Two-dimensional core-softened model with water like properties: solvation of non-polar solute

ABSTRACT

Monte Carlo simulations and integral equation theory were used to study the thermodynamics and structure of mixture of particles interacting through the smooth version of Stell–Hemmer interaction and non-polar particles interacting through Lennard–Jones interaction in two dimensions. The theoretical results are tested against the Monte Carlo computer simulations. Very good agreement between the integral equation theory results and exact computer simulations is obtained. We showed that some versions of the integral equation theory completely fail to predict structure of such system at some state points so caution has to be taken when applying them but in comparison with results for pure component results are better. We also checked how position of critical point changes with content of non-polar particles.

KEYWORDS:

• Monte Carlo
• core-softened model
• critical point

1. Introduction

The two-dimensional (2D) fluids receive in general less theoretical attention as three-dimensional (3D) fluids [1–7]. One of the reasons is that they were in the beginning considered as less interesting, supposedly not being a good representation of real systems. This is not completely true. If molecules of a fluid are confined between the parallel plates, separated for less than two molecular diameters, then the system effectively behaves as 2D. Examples of such systems are monolayers adsorbed on solid substrates [8, 9] or surfactant adsorbed on an air/water interface. The 2D fluids are interesting also from pure theoretical point of view. One aspect of particular importance in their behaviour is the effect of low dimensionality on phase transitions [1, 10–12]. Experimental studies [13, 14] of the adsorption of krypton at low pressures on exfoliated graphite and graphitised carbon black indicated that the adsorbed molecules in many ways are qualitatively similar to the 2D fluid. So on the one hand, 2D fluids can be considered as a simple representation of the liquid phase adsorbed at a solid surface where the lateral interaction prevail and are often used as a coherency test for theories initially developed for the realistic 3D systems. In addition, the 2D models can often be more easily evaluated numerically than their 3D counterparts, especially for computer simulations. The main reason for our interest in 2D systems lies in fact that computer simulations are much less time consuming (100 of particles in 2D is equivalent to 1000 particles in 3D) in 2D than in 3D and results can be easily visualized [15–19]. The 2D Lennard–Jones (LJ) fluid can be, for example, used as a reference system for calculations of the properties of the 2D model of water [17]. This model, also called Mercedes–Benz model of water, was originally proposed by Ben-Naim [20] and later modified and extensively studied by Dill, Haymet and others [15, 16]. The model serves as simplified representation of water and its behaviour when in bulk (pure water) or in mixture with hydrophobic or polar solutes [15, 16].

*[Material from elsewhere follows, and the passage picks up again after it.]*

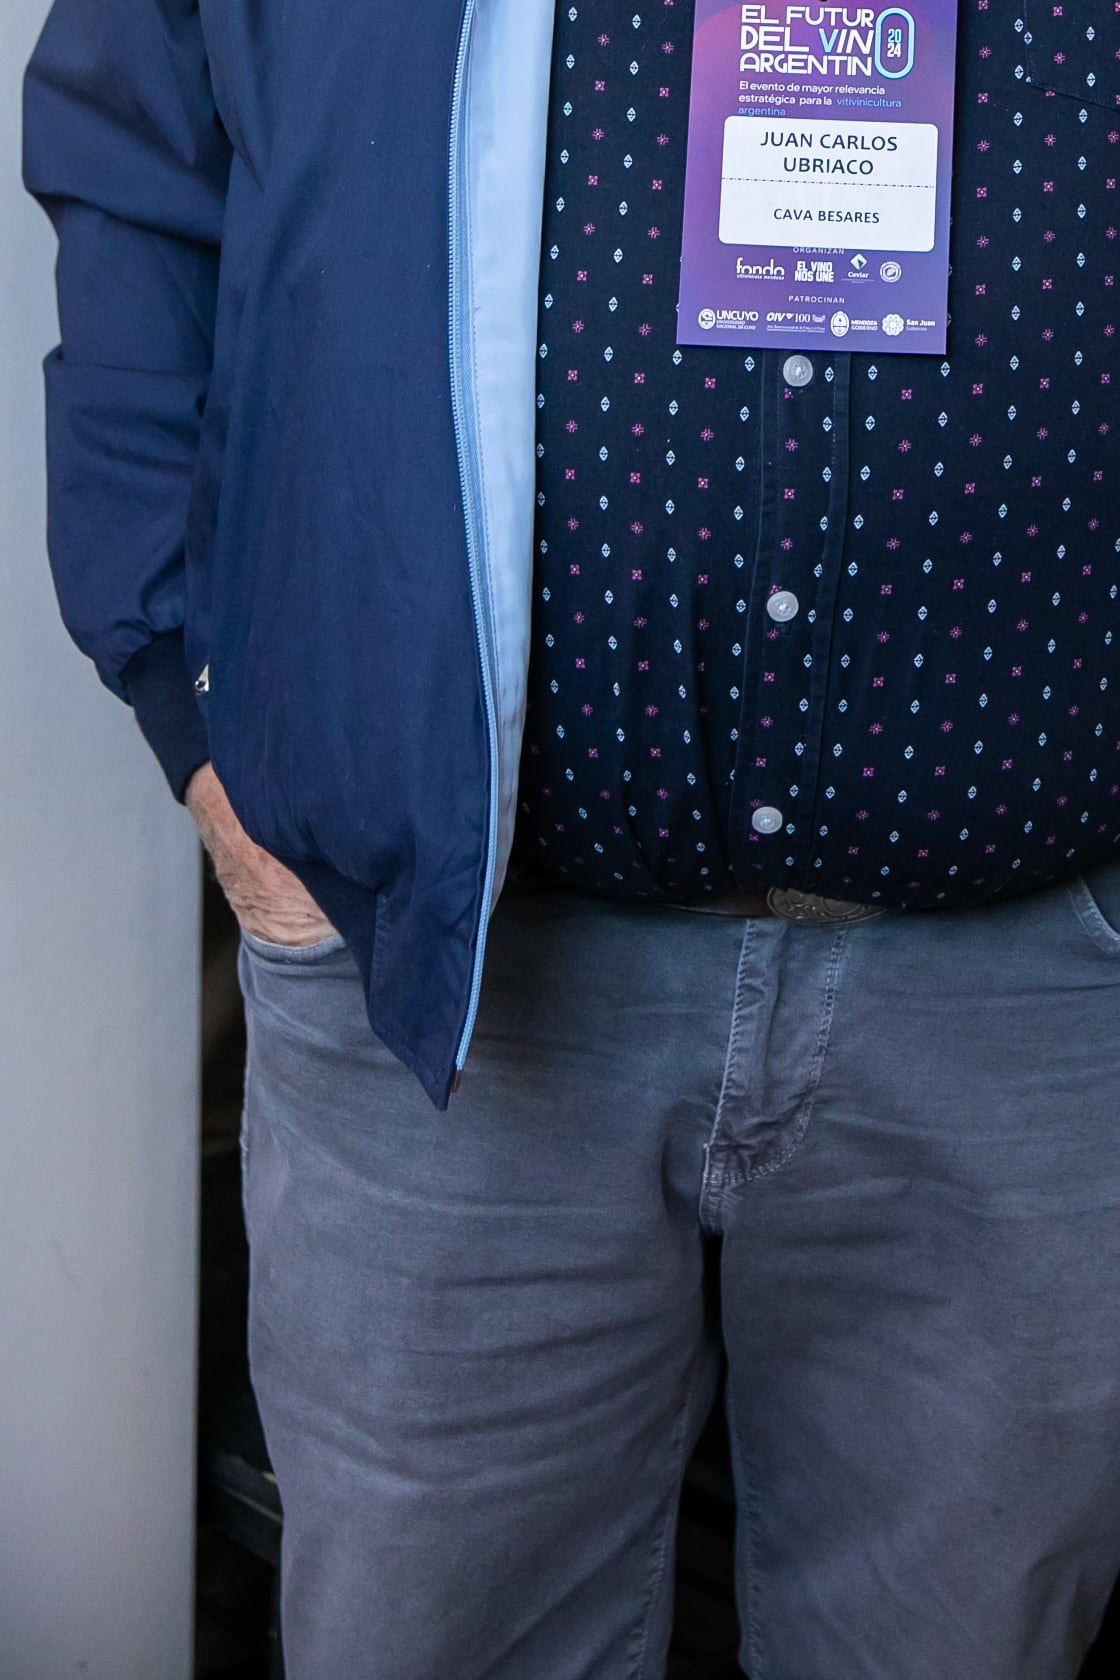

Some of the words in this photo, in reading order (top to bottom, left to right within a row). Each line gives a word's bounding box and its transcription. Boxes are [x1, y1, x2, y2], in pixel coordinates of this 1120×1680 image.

Water is the most important liquid for life and industry so it is crucial to understand its physical and chemical properties. Water is different when comparing to simpler liquids [21–23]. It has many anomalous properties. The most known are: (i) an increase in the volume of water upon freezing, (ii) an increased density of liquid water in the range from 0${}^{\circ }\mathrm{C}$ up to approximately 4${}^{\circ }\mathrm{C}$ at ambient pressure, (iii) high heat capacity and surface tension, and (iv) minimum in the compressibility vs. temperature. Also as a solvent, water also has some unusual properties: for non-polar solutes, a large entropy that opposes the solvation at room temperature and a large heat capacity of transfer. Water's complexity is due to its strong orientation-dependent hydrogen bonding and intermolecular associations.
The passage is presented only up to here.